La terre Libysse couvrira le corps d’Annibal.

Annibal entendait qu’il s’agissait de la Libye ; il comptait finir ses jours à Carthage, et y être enterré. Mais il y a dans la Bithynie, assez près de la mer, un pays sablonneux, et, dans ce pays, un petit bourg appelé Libysse, où Annibal faisait sa demeure ; comme il se défiait sans cesse de la résolution de Prusias, et qu’il craignait les Romains, il avait ménagé sept conduits souterrains qui, de sa maison, allaient tous aboutir de différents côtés, fort loin du bourg, et dont on n’apercevait rien au dehors. Dès qu’il apprit l’exigence de Titus, il voulut s’enfuir par les souterrains ; mais, ayant donné dans des gardes du roi, il résolut de s’ôter la vie.

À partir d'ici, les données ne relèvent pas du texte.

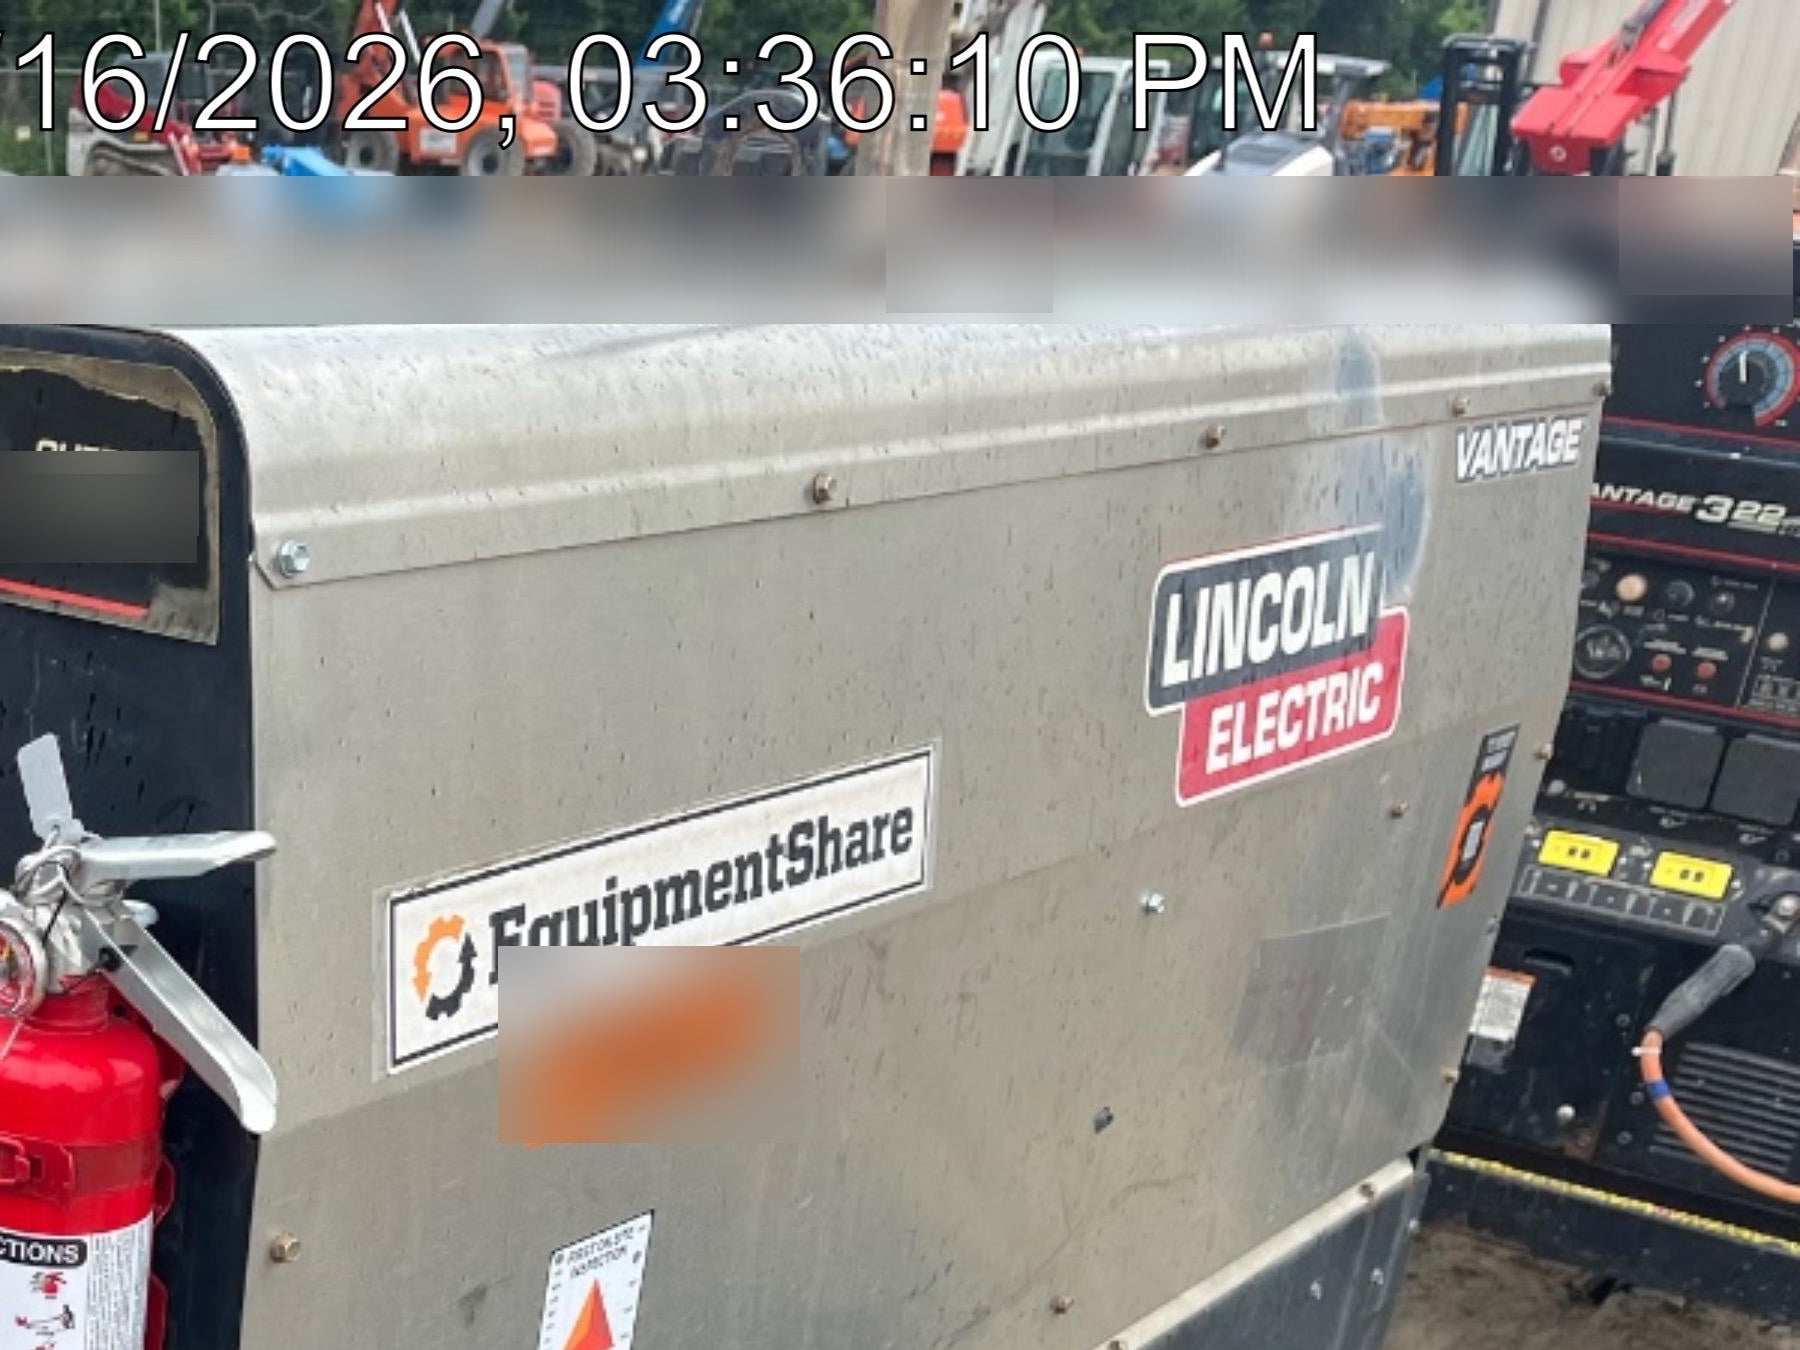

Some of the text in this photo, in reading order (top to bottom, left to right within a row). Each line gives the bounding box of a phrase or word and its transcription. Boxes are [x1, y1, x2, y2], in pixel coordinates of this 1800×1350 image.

[1456, 417, 1584, 481] VANTAGE
[1591, 481, 1694, 513] ANTAGE
[1696, 494, 1788, 531] 322
[1160, 551, 1375, 688] LINCOLN
[1205, 661, 1384, 775] ELECTRIC

Quelques-uns disent qu’il entortilla son manteau autour de son cou, et ordonna à un de ses esclaves de lui appuyer le genou contre le dos, et de tordre avec force le manteau en tirant à lui jusqu’à ce qu’il fût étranglé. D’autres rapportent qu’à l’exemple de Thémistocle et de Midas, il but du sang de taureau. Mais, suivant Tite Live, il avait sur lui du poison : il le détrempa, et, prenant la coupe : « Délivrons, dit-il, les Romains de ce terrible souci, puisqu’ils trouvent long et pénible d’attendre la mort d’un vieillard qui leur est odieux. Titus ne remportera pas ici une victoire honorable, ni digne de ces anciens Romains qui firent avertir Pyrrhus, leur ennemi et leur vainqueur, du dessein qu’on avait de l’empoisonner. »

Voilà quelle fut, dit-on, la mort d’Annibal.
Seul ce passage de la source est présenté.